==== INPUT MATERIAL ====

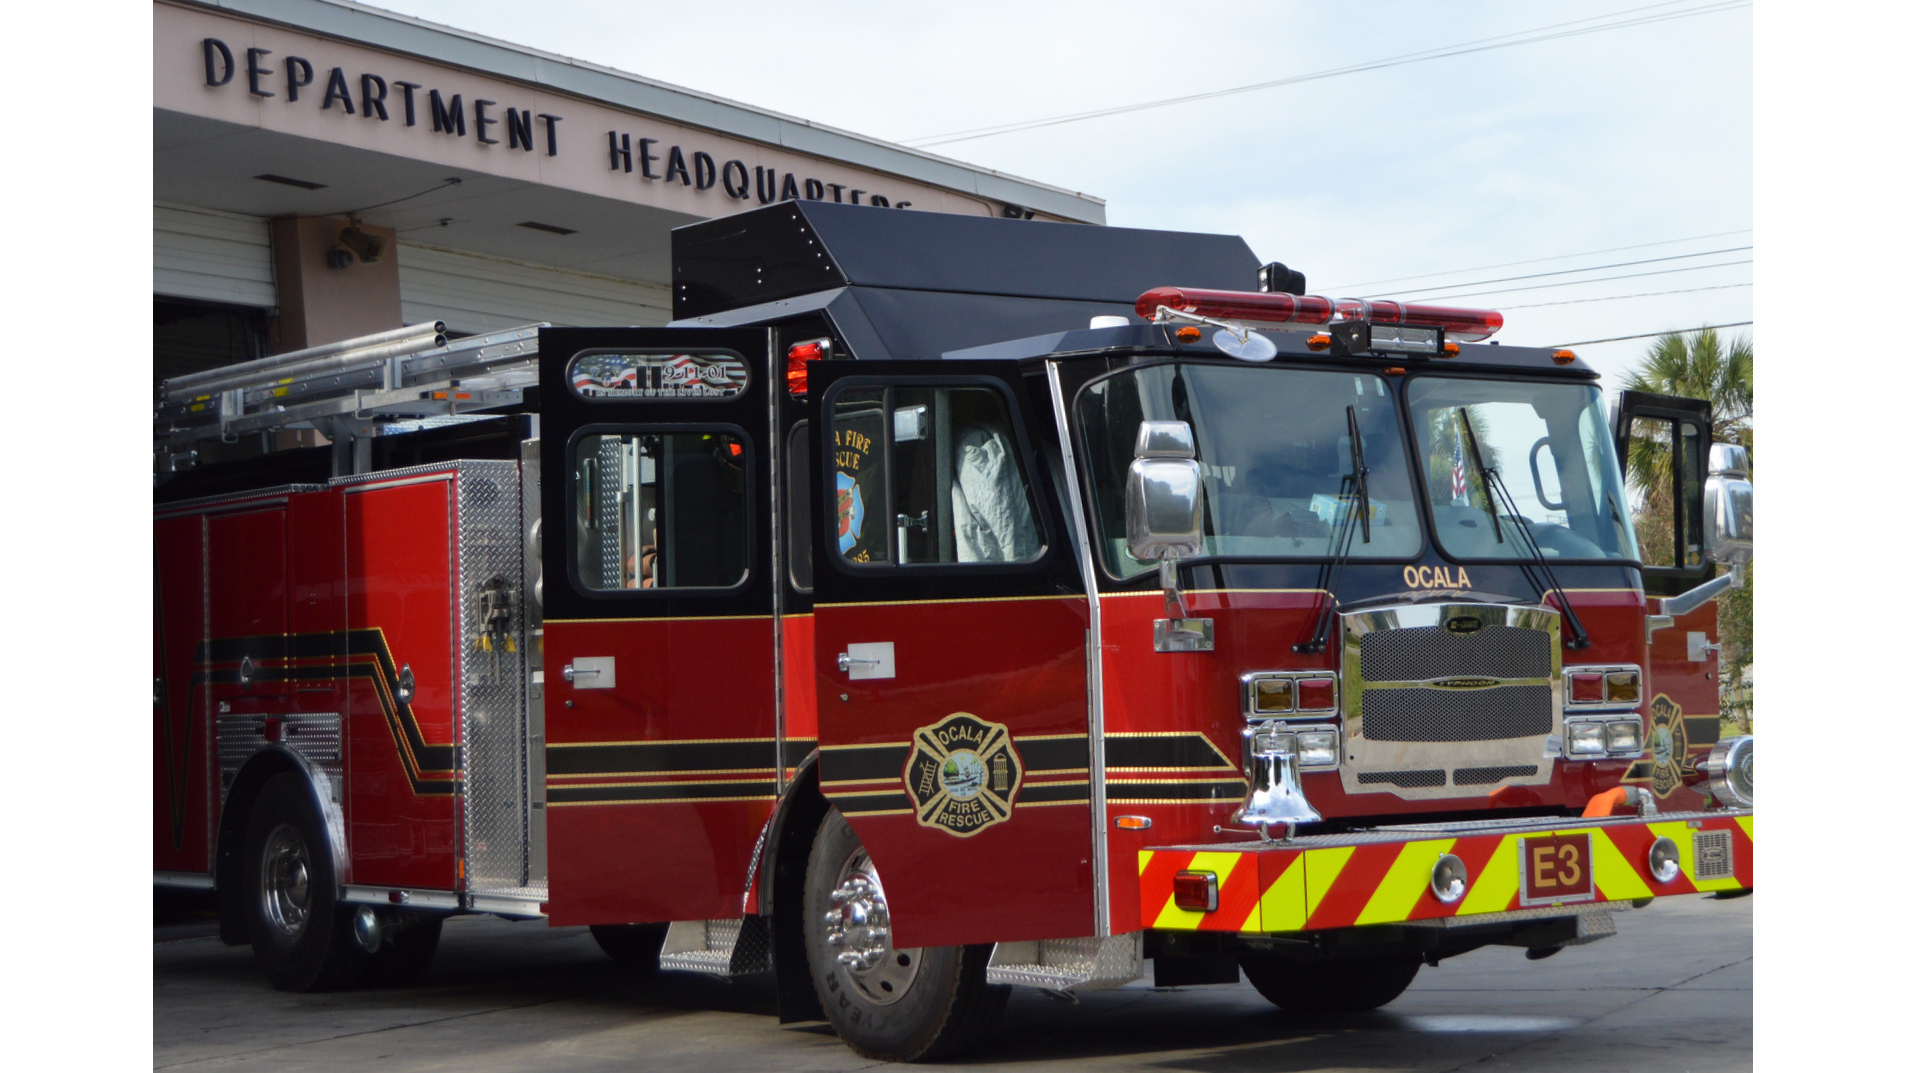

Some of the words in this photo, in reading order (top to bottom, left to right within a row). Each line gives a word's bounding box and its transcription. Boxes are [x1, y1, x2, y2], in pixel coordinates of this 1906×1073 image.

[202, 37, 563, 156] DEPARTMENT
[608, 130, 912, 209] HEADQUART
[664, 365, 727, 379] 9-11-01
[659, 388, 676, 397] THE
[845, 429, 871, 455] FIRE
[1403, 565, 1472, 588] OCALA
[938, 725, 984, 745] OCALA
[948, 800, 980, 814] FIRE
[939, 810, 991, 827] RESCUE
[1532, 844, 1581, 888] E3

====

Pictures aside, retype the entries above exactly as they are.

PROBLEM SOLUTION —
Some of the words in this photo, in reading order (top to bottom, left to right within a row). Each line gives a word's bounding box and its transcription. Boxes are [x1, y1, x2, y2], in pixel coordinates of this 1906×1073 image.

[202, 37, 563, 156] DEPARTMENT
[608, 130, 912, 209] HEADQUART
[664, 365, 727, 379] 9-11-01
[659, 388, 676, 397] THE
[845, 429, 871, 455] FIRE
[1403, 565, 1472, 588] OCALA
[938, 725, 984, 745] OCALA
[948, 800, 980, 814] FIRE
[939, 810, 991, 827] RESCUE
[1532, 844, 1581, 888] E3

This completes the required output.